┏━━

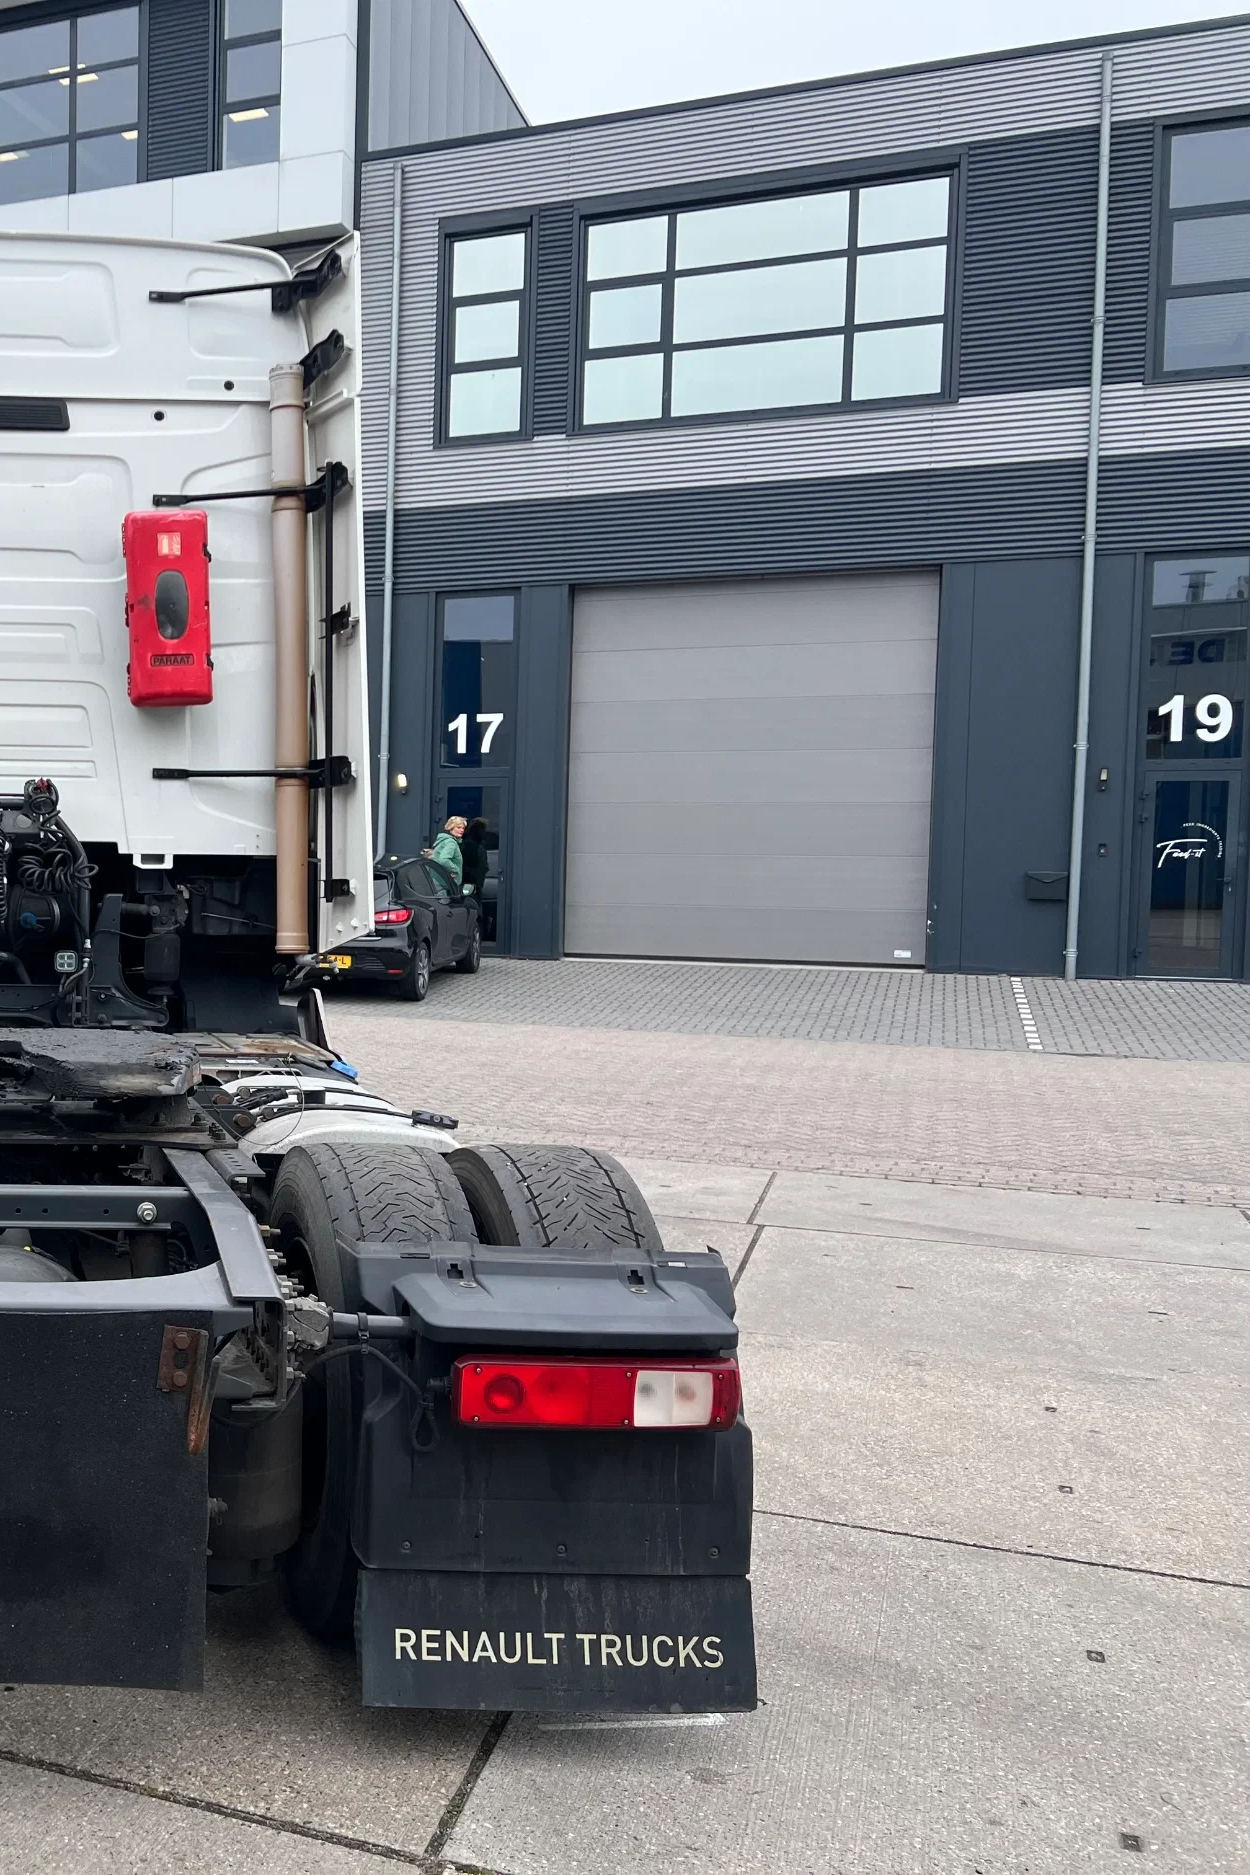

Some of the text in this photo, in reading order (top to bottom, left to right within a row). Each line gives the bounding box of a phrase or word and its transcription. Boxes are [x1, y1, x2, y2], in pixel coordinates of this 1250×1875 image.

[153, 655, 191, 666] PARAAT
[448, 713, 504, 754] 17
[1157, 693, 1233, 742] 19
[394, 1628, 725, 1668] RENAULT TRUCKS

┗━━

**AIM OF THE TASK**.
Print the material above word for word, and keep the pictures out of it.

**RESPONSE FOR THIS EXERCISE**.
Some of the text in this photo, in reading order (top to bottom, left to right within a row). Each line gives the bounding box of a phrase or word and its transcription. Boxes are [x1, y1, x2, y2], in pixel coordinates of this 1250×1875 image.

[153, 655, 191, 666] PARAAT
[448, 713, 504, 754] 17
[1157, 693, 1233, 742] 19
[394, 1628, 725, 1668] RENAULT TRUCKS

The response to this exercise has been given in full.